Eriochilus tenuis, commonly known as the slender bunny orchid, is a plant in the orchid family Orchidaceae and is endemic to Western Australia. It has a single egg-shaped leaf lying flat on the ground and one or two small pink or pink and white flowers. A common species, it grows in dense, shrubby forest and in winter-wet swamps.

==Description==
Eriochilus tenuis is a terrestrial, perennial, deciduous, herb with an underground tuber and a single egg-shaped leaf 10-40 mm long and 5-15 mm wide which lies flat on the ground. One or two pink or white flowers about 10 mm long and wide are borne on a stem, 70-150 mm tall. The dorsal sepal is egg-shaped with the narrower end towards the base, 6-8 mm long and 2-3 mm wide. The lateral sepals are 9-11 mm long, 3-4 mm wide and spread apart.

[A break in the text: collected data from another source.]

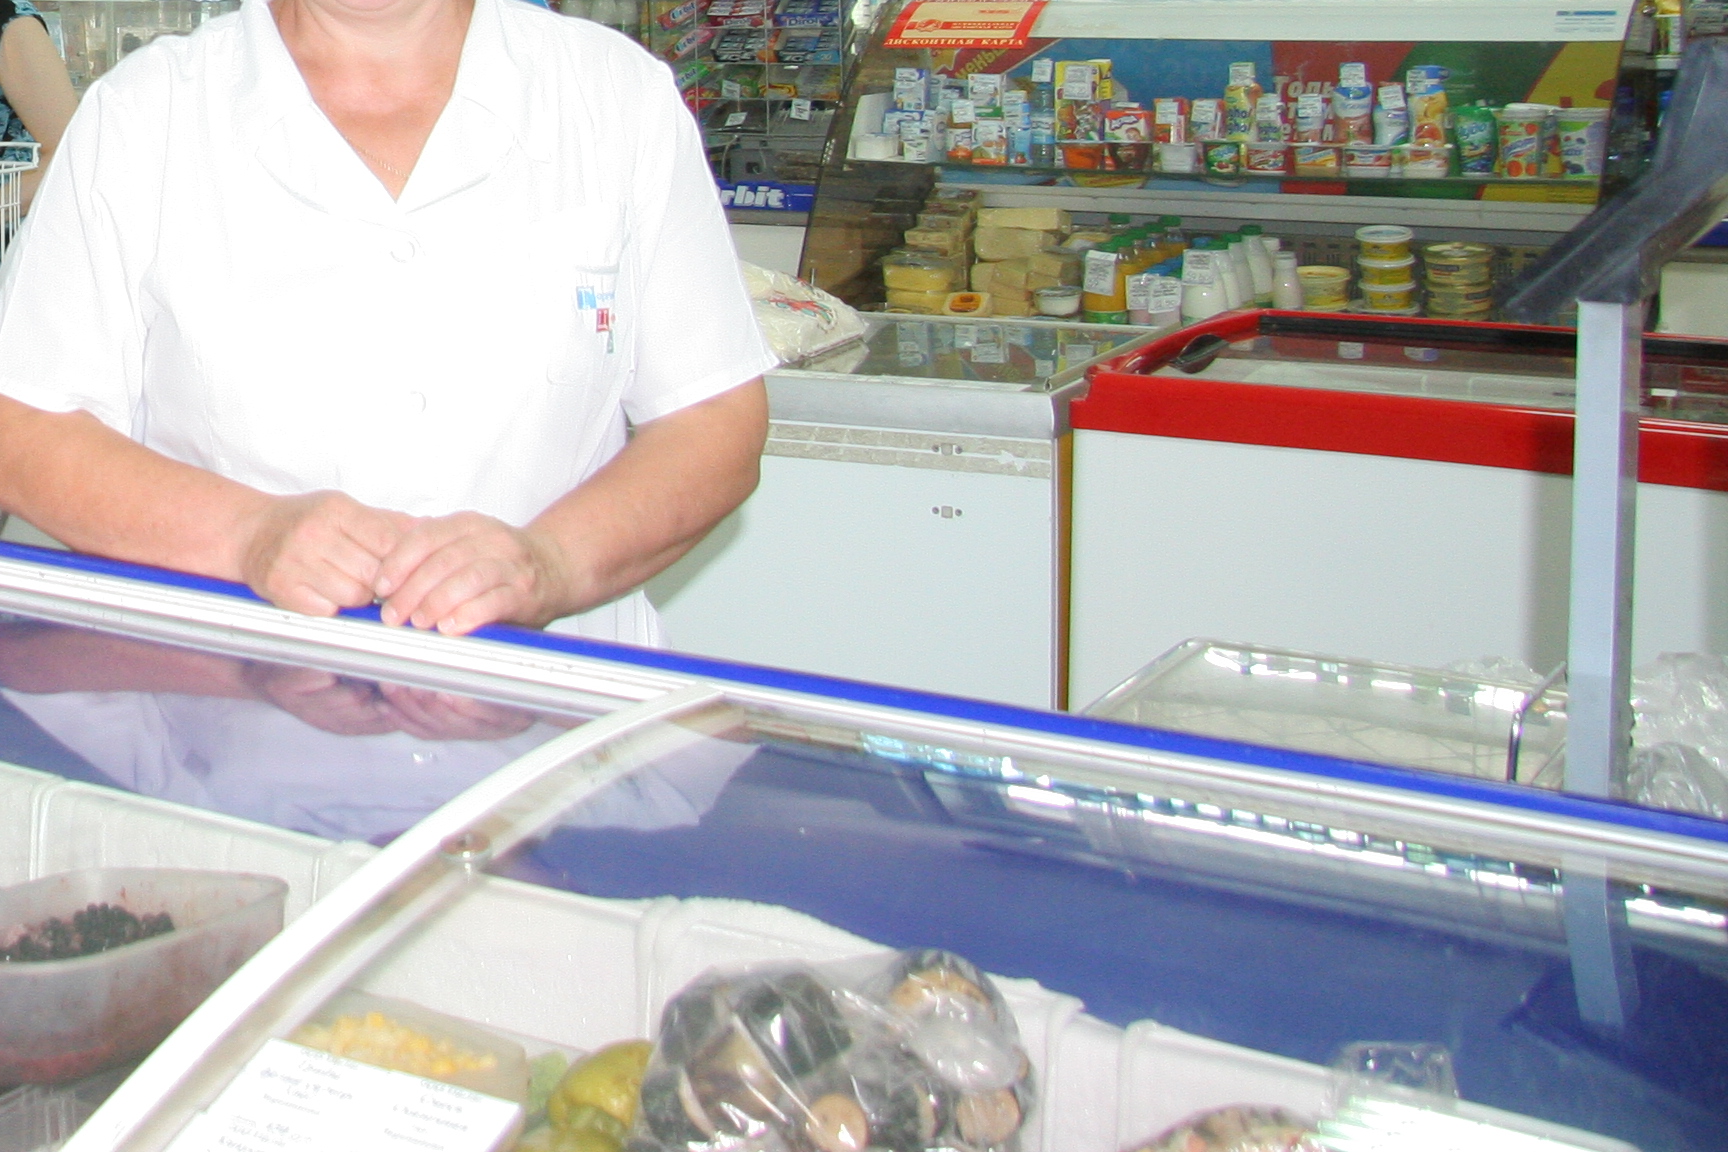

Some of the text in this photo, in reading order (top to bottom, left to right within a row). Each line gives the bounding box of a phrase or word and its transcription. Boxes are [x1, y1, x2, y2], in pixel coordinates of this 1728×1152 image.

[884, 38, 1024, 46] ДИСКОНТНАЯ КАРТА
[718, 185, 784, 208] rbit
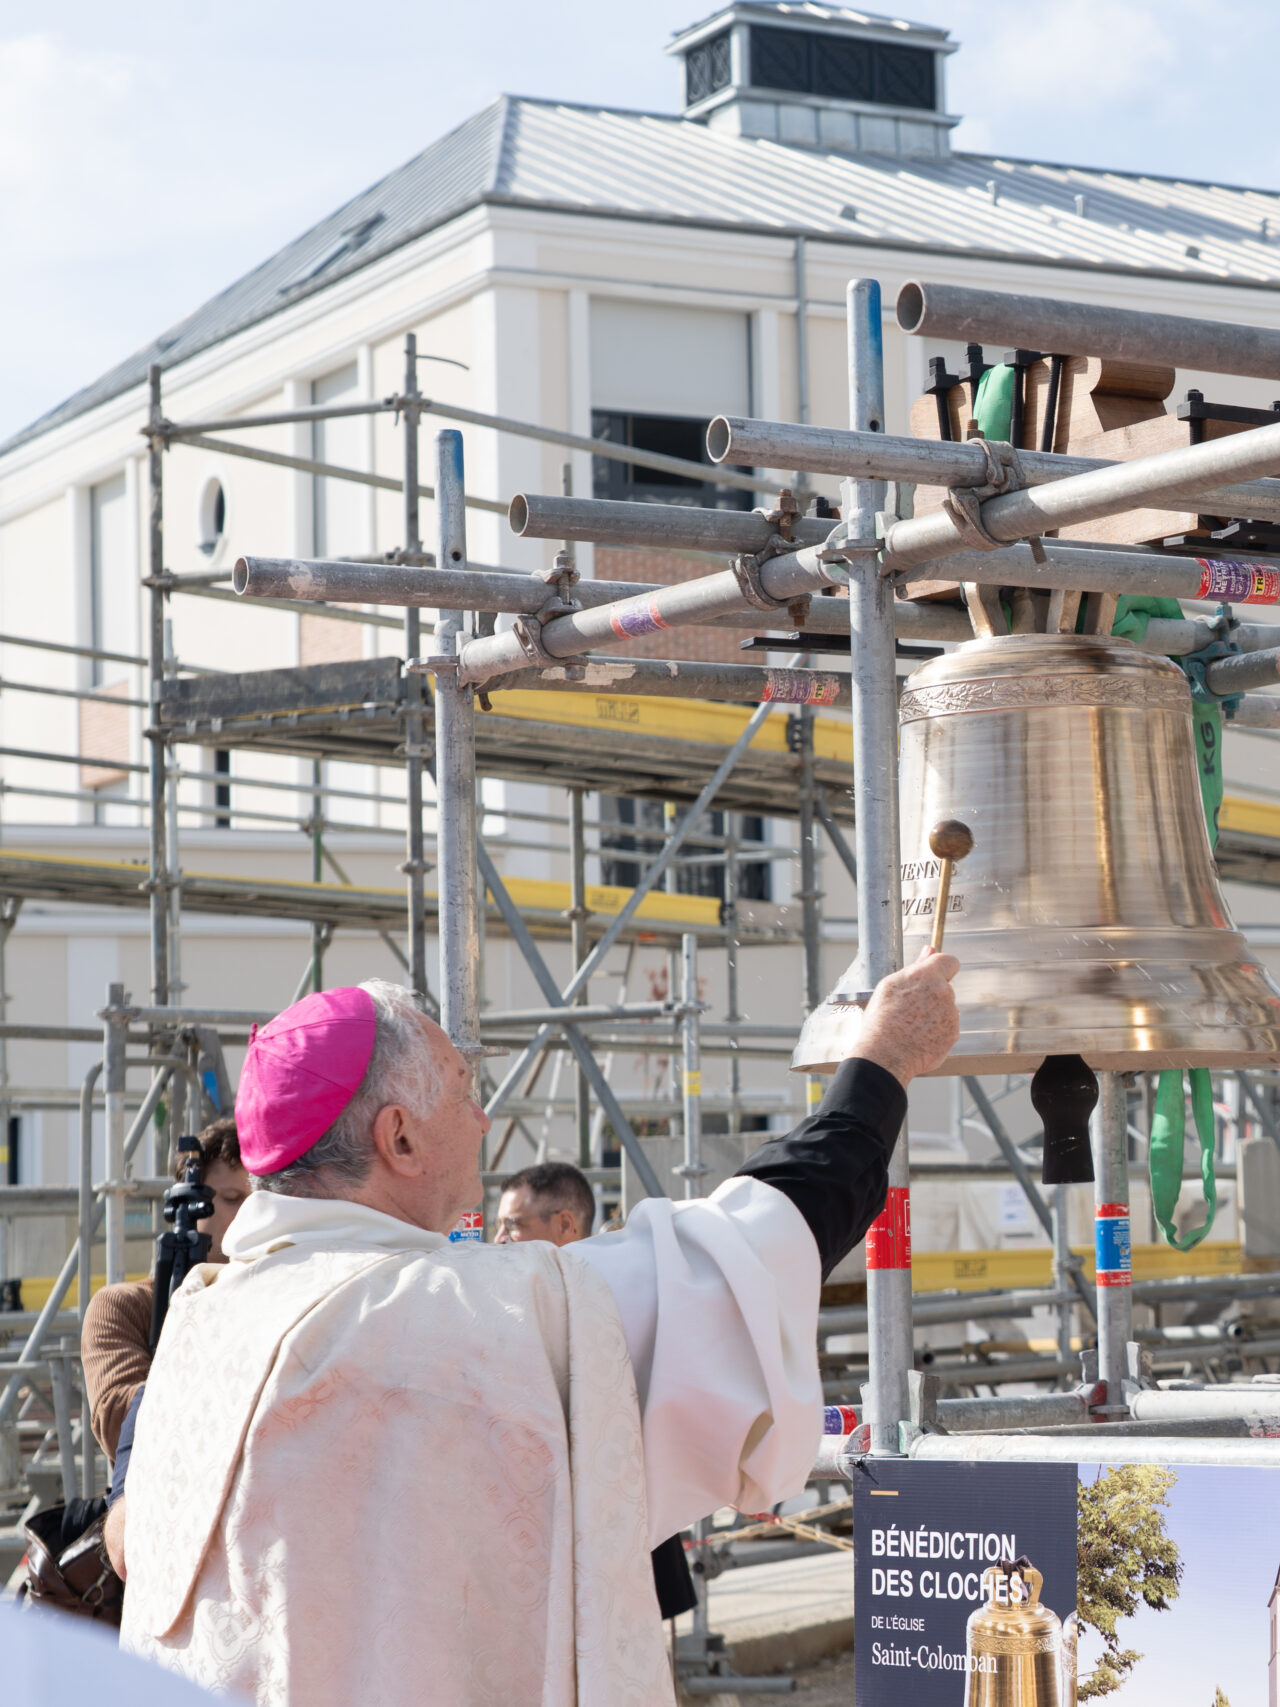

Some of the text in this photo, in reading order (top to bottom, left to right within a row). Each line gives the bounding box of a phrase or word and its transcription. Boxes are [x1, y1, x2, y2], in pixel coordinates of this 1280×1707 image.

[1201, 721, 1216, 776] KG
[871, 1523, 1016, 1562] BÉNÉDICTION
[871, 1568, 1023, 1603] DES CLOCHES
[871, 1614, 925, 1632] DE L'ÉGLISE
[871, 1642, 998, 1674] Saint-Colomban
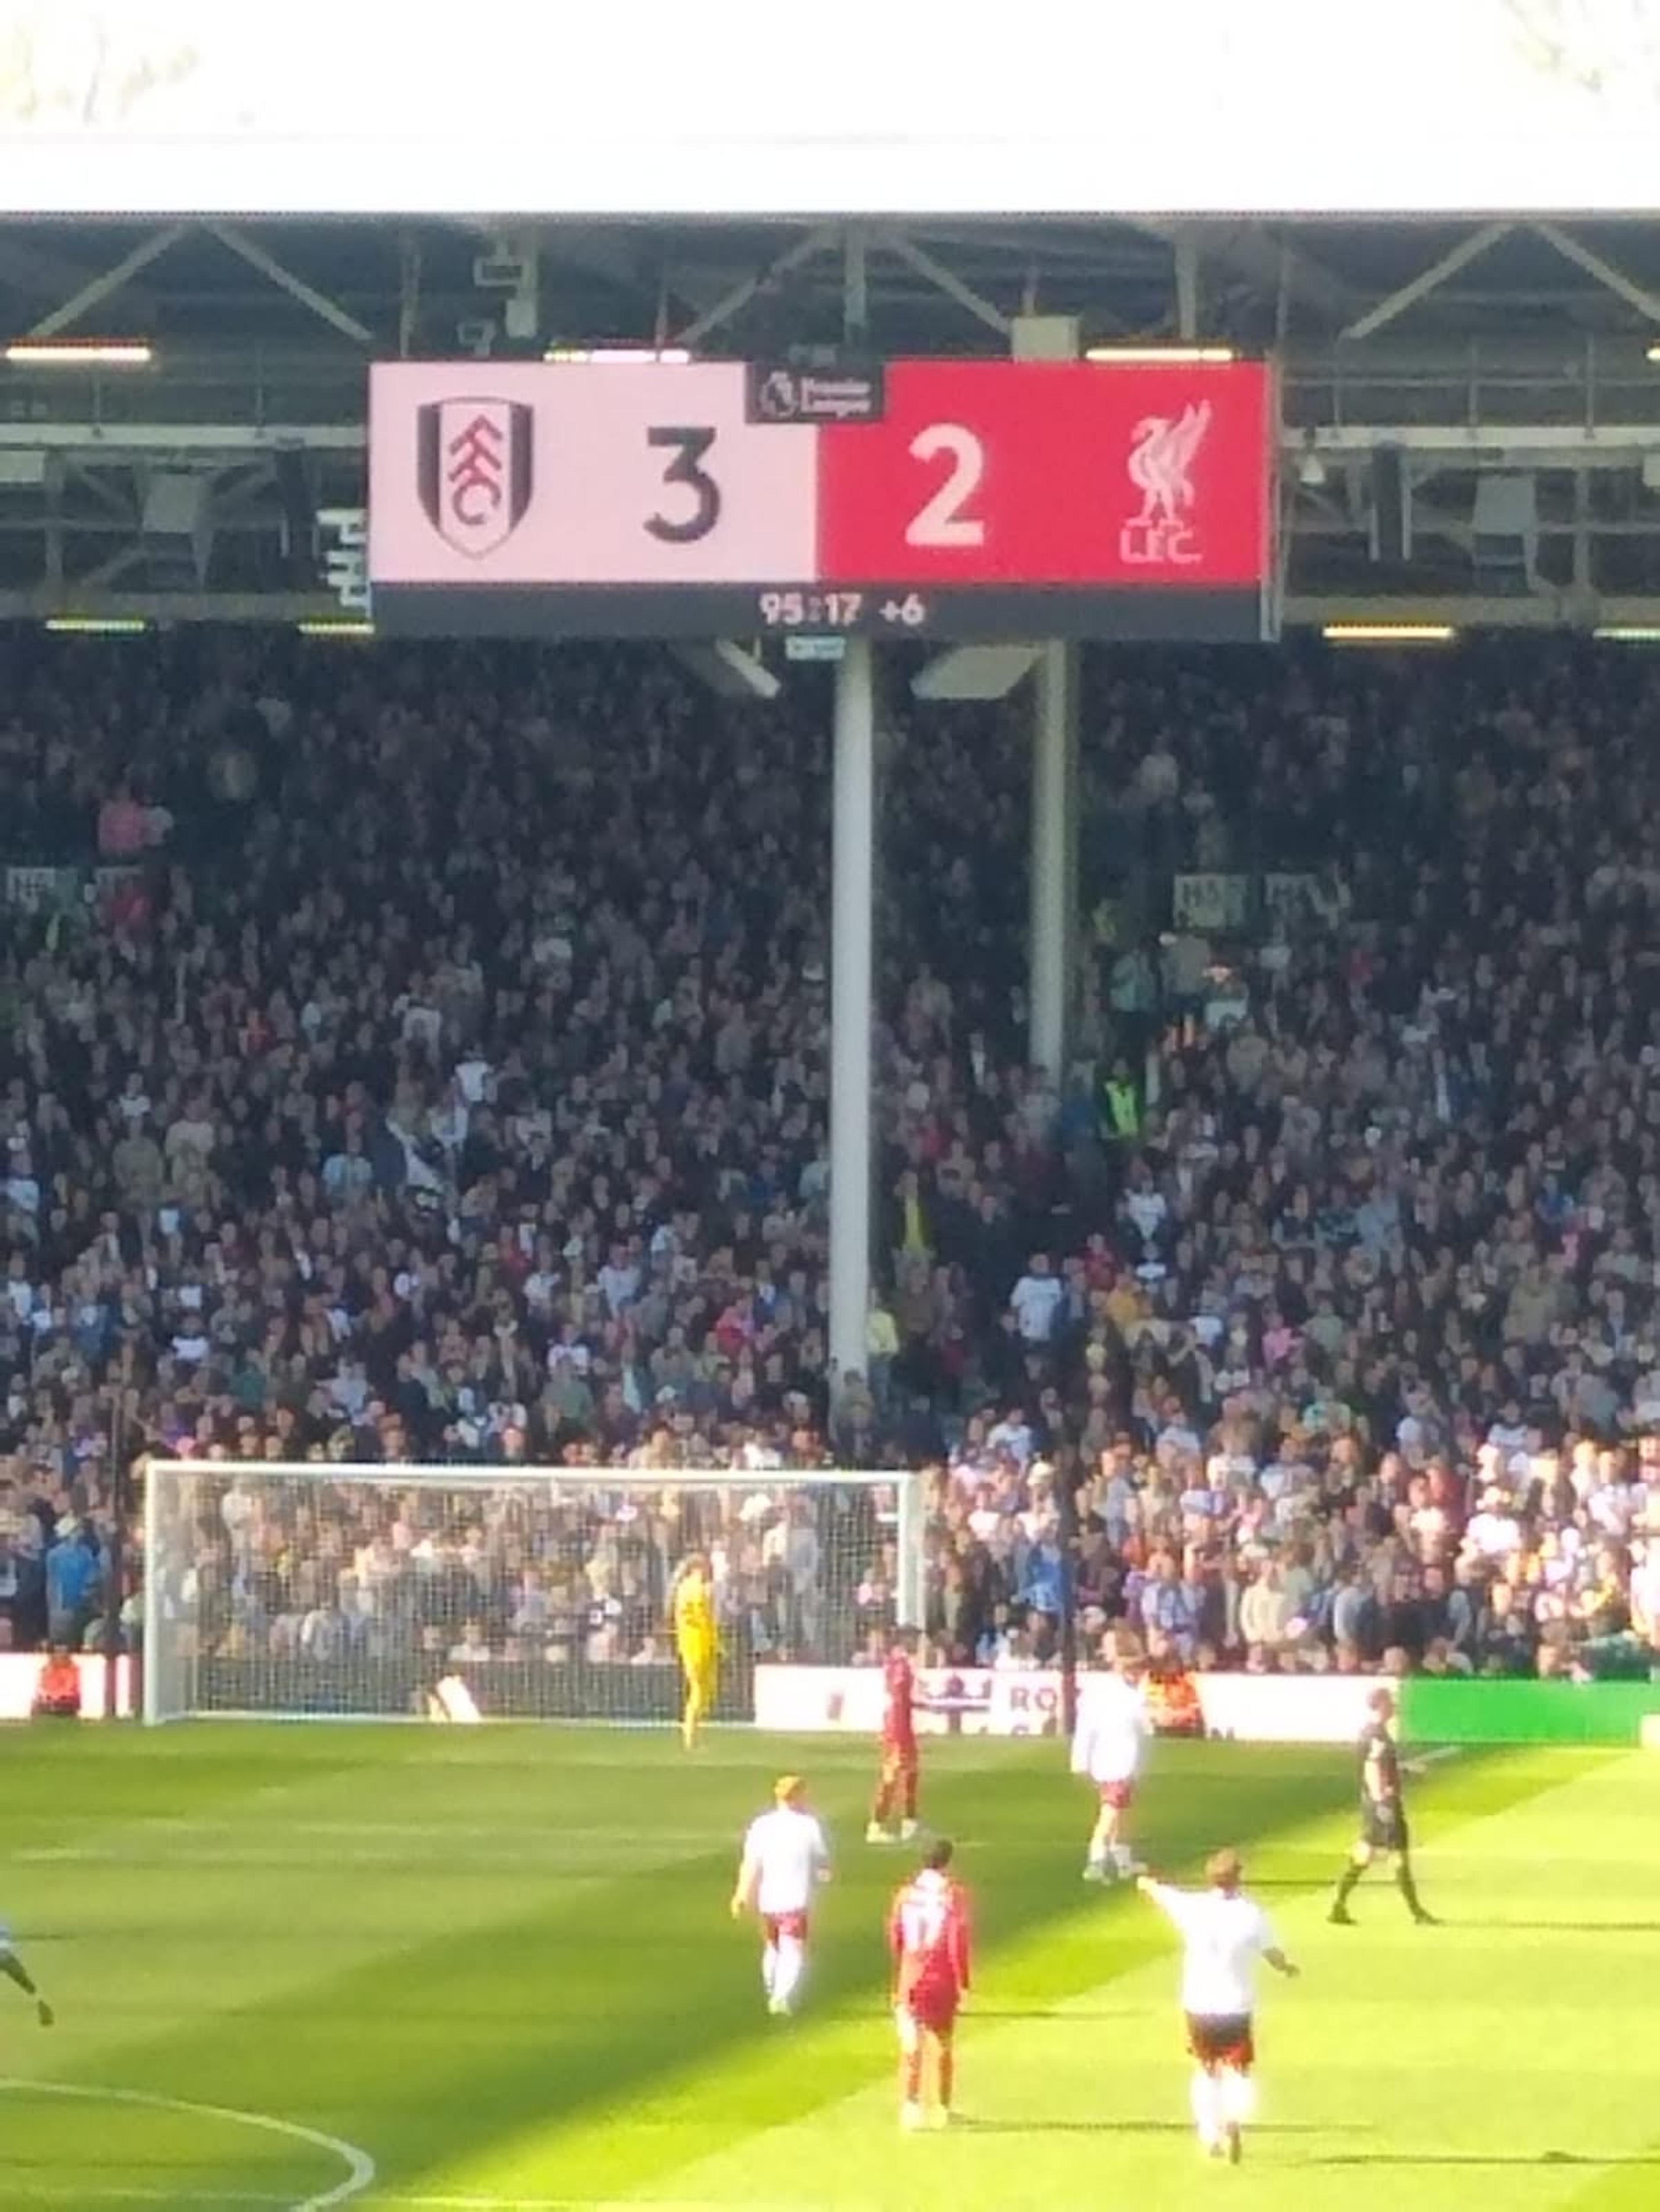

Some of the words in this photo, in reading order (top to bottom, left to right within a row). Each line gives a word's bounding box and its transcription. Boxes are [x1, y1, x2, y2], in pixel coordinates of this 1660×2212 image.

The petals are narrow spatula-shaped, 5-7 mm long, about 1 mm wide and held close to the dorsal sepal. The labellum is pink, 6-8 mm long, about 3 mm wide and has three lobes. The middle lobe is egg-shaped, 2.5-3 mm long and is fleshy with red bristles. Flowering occurs from September to November, more prolifically after fire the previous summer.

==Taxonomy and naming==
Eriochilus tenuis was first formally described in 1840 by John Lindley and the description was published in A Sketch of the Vegetation of the Swan River Colony. The specific epithet (tenuis) is a Latin word meaning "thin", referring to the thin form of this orchid.

==Distribution and habitat==
The slender bunny orchid grows in winter-wet swamps and in moss beds on granite outcrops between Perth and Albany.

==Conservation==
Eriochilus tenuis is classified as "not threatened" by the Western Australian Government Department of Parks and Wildlife.